From a Reader in Oregon:
Dear Brother Al, The tears were flowing as I was reading your Reflections on your Tulsa experience. Proud? Not even close to being enough of a description from your former high school English/Journalism teacher. I am ecstatic!! What a wonderful human being you are! As one said, "you are a lucky man." Actually, we are all lucky to know and love you. Thanks for being who you are and for sharing with me after all these years. I will always claim you as "one of mine." Hopefully, you will make a trip to Oregon one of these days. I would like for you to meet another dear friend --- a former college professor and Church of Christ minister. He, too, is a wonderful person, and has now joined us here and serves on our council and sings in our choir. We feel so lucky to have him at our church! You two would have a lot in common. I would love to see you again, and to meet Shelly. What a great couple you make. I'm so glad things went so well in Tulsa. I smile each time I think about you standing before that crowd. Wow! My shy young man! Whew ... the tears!!

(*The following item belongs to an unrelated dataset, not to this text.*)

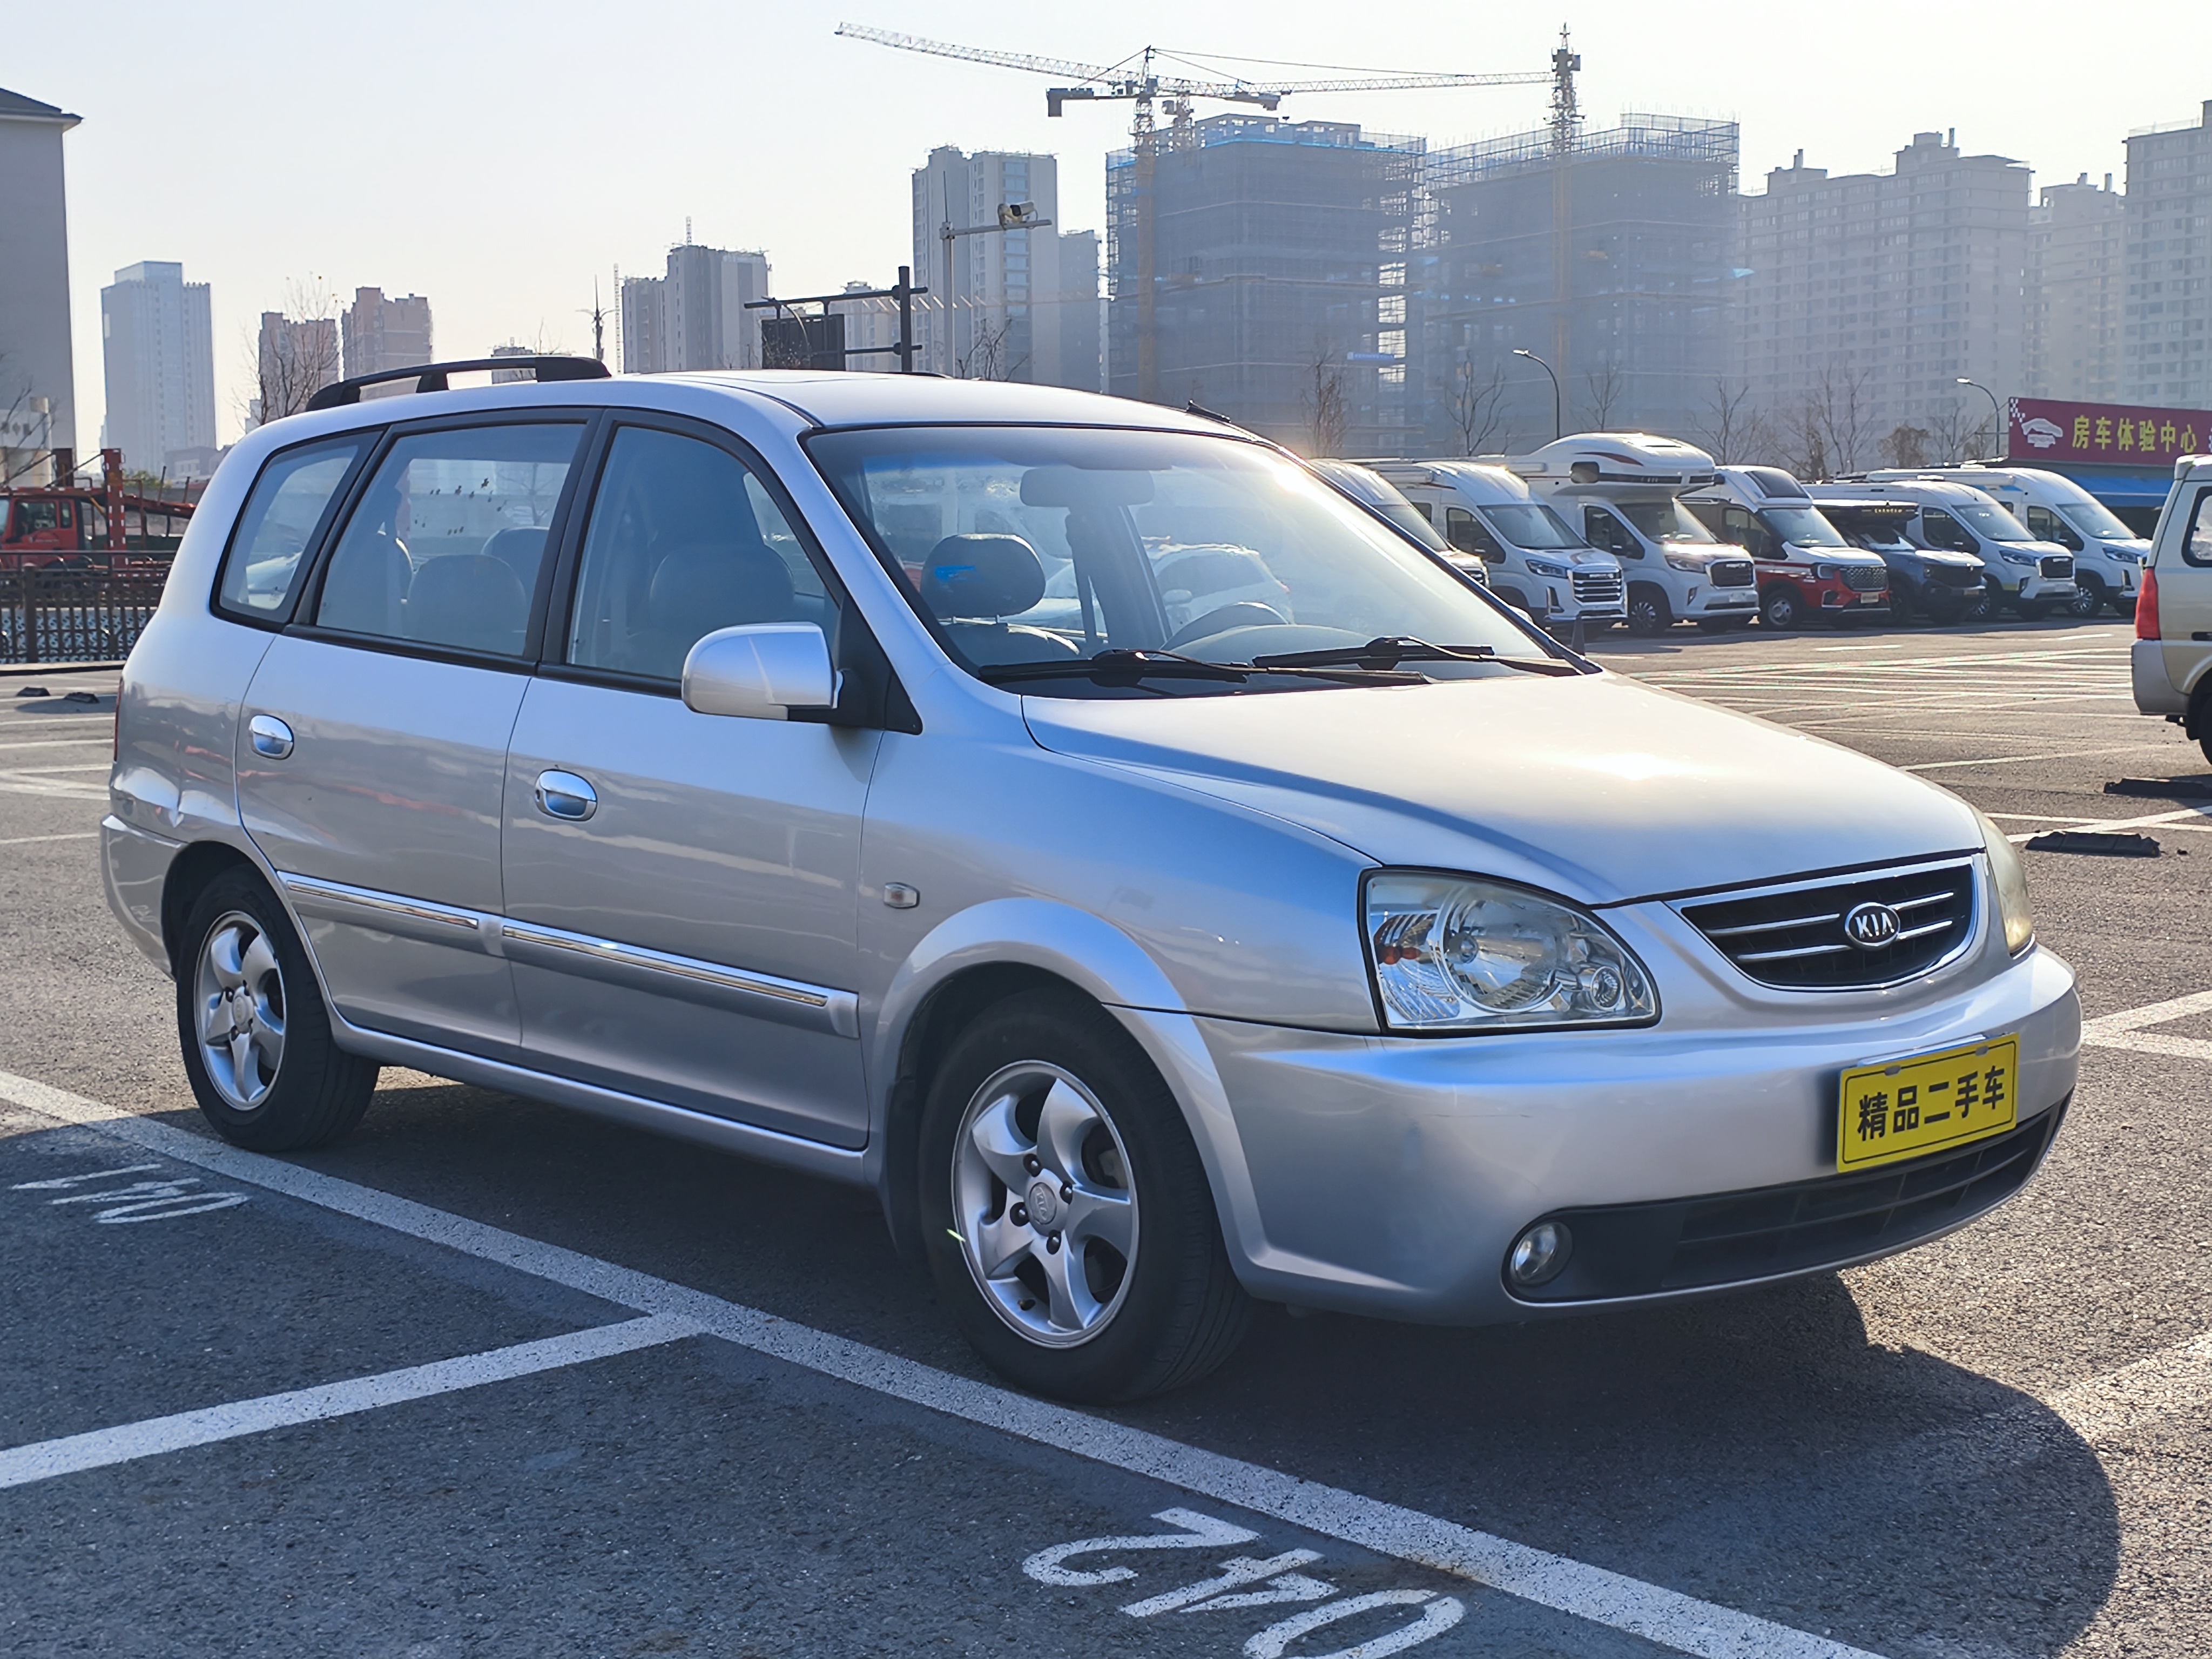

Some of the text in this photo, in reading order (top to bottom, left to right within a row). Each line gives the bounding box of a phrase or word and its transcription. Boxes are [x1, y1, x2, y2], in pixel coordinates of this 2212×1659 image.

[2072, 414, 2197, 453] 房车体验中心
[1854, 912, 1895, 939] KIA
[1857, 1065, 2005, 1142] 精品二手车
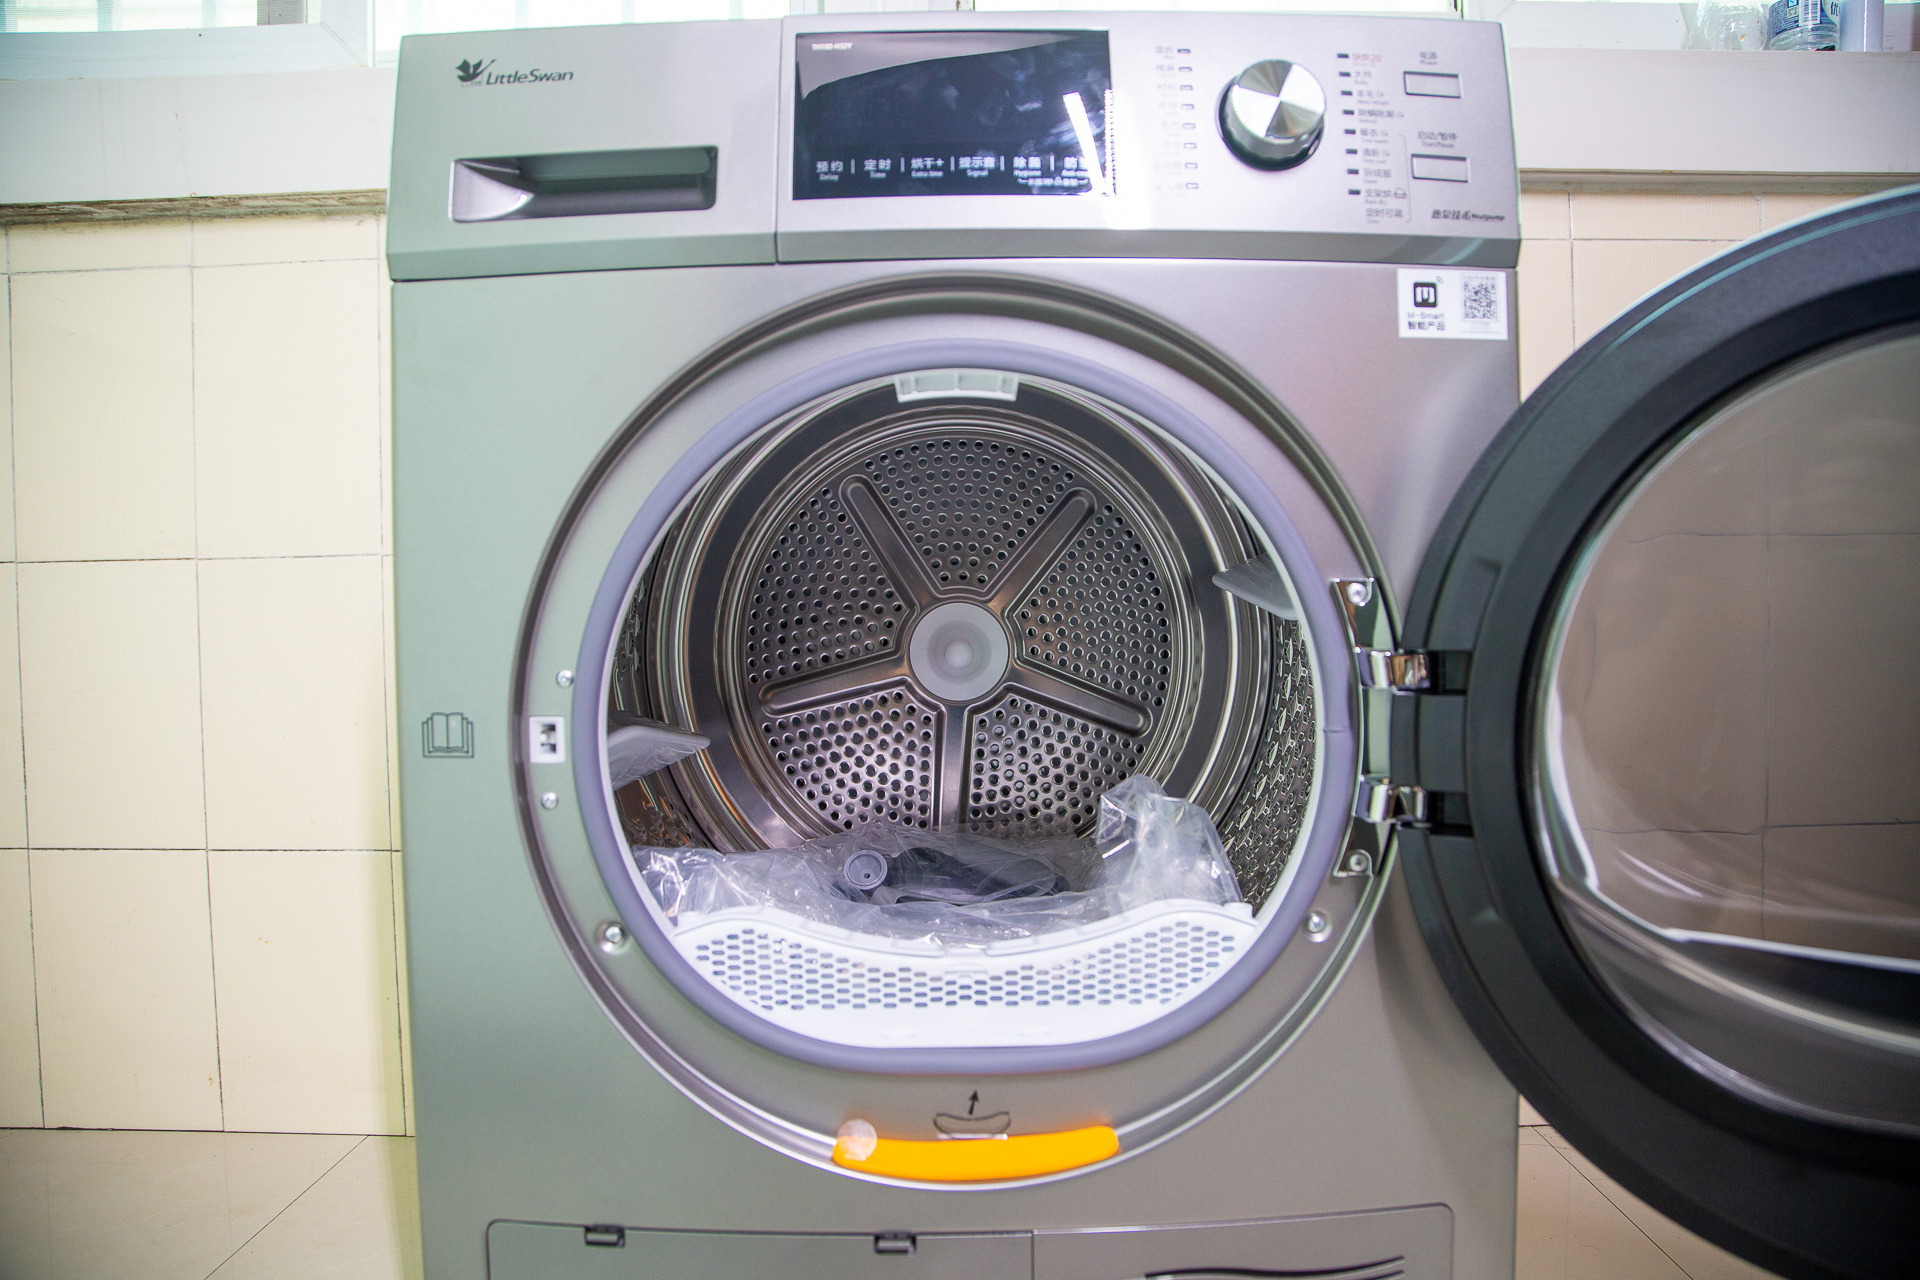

From a Reader in Oklahoma:
Dear Bro. Al, After reading your last Reflections on The Tulsa Workshop, I am now doubly sorry that I was not able to make it this year. However, I am glad to learn that your talks are being made available on CD through Workshop Multimedia. A good friend and Christian brother, who reads your Reflections and sends you comments from time to time, was there, and he reported what an outstanding job you did in your three talks.